[Opening Data section section]

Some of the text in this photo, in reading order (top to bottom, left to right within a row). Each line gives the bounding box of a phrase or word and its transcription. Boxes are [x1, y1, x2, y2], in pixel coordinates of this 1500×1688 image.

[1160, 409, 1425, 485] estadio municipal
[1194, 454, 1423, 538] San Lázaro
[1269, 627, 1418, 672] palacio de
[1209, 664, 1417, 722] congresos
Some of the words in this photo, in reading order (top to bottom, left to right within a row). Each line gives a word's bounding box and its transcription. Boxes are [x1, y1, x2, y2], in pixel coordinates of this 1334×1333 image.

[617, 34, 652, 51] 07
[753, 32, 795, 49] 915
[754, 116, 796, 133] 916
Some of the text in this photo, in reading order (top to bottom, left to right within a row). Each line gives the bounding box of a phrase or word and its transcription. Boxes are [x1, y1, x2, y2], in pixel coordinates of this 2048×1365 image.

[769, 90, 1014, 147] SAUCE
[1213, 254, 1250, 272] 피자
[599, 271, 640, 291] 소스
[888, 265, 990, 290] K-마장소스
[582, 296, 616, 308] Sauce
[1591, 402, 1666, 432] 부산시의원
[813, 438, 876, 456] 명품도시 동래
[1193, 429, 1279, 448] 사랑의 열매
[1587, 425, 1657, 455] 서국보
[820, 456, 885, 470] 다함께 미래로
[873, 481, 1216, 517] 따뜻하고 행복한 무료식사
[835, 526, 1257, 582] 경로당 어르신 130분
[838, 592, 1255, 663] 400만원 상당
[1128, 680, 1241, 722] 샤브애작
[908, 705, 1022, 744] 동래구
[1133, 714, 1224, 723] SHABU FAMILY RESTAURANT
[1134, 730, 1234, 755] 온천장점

[Closing Data section section]

_Requirement_:
Print the records again in full, exactly as they appear above.

_Task response_:
Some of the text in this photo, in reading order (top to bottom, left to right within a row). Each line gives the bounding box of a phrase or word and its transcription. Boxes are [x1, y1, x2, y2], in pixel coordinates of this 1500×1688 image.

[1160, 409, 1425, 485] estadio municipal
[1194, 454, 1423, 538] San Lázaro
[1269, 627, 1418, 672] palacio de
[1209, 664, 1417, 722] congresos
Some of the words in this photo, in reading order (top to bottom, left to right within a row). Each line gives a word's bounding box and its transcription. Boxes are [x1, y1, x2, y2], in pixel coordinates of this 1334×1333 image.

[617, 34, 652, 51] 07
[753, 32, 795, 49] 915
[754, 116, 796, 133] 916
Some of the text in this photo, in reading order (top to bottom, left to right within a row). Each line gives the bounding box of a phrase or word and its transcription. Boxes are [x1, y1, x2, y2], in pixel coordinates of this 2048×1365 image.

[769, 90, 1014, 147] SAUCE
[1213, 254, 1250, 272] 피자
[599, 271, 640, 291] 소스
[888, 265, 990, 290] K-마장소스
[582, 296, 616, 308] Sauce
[1591, 402, 1666, 432] 부산시의원
[813, 438, 876, 456] 명품도시 동래
[1193, 429, 1279, 448] 사랑의 열매
[1587, 425, 1657, 455] 서국보
[820, 456, 885, 470] 다함께 미래로
[873, 481, 1216, 517] 따뜻하고 행복한 무료식사
[835, 526, 1257, 582] 경로당 어르신 130분
[838, 592, 1255, 663] 400만원 상당
[1128, 680, 1241, 722] 샤브애작
[908, 705, 1022, 744] 동래구
[1133, 714, 1224, 723] SHABU FAMILY RESTAURANT
[1134, 730, 1234, 755] 온천장점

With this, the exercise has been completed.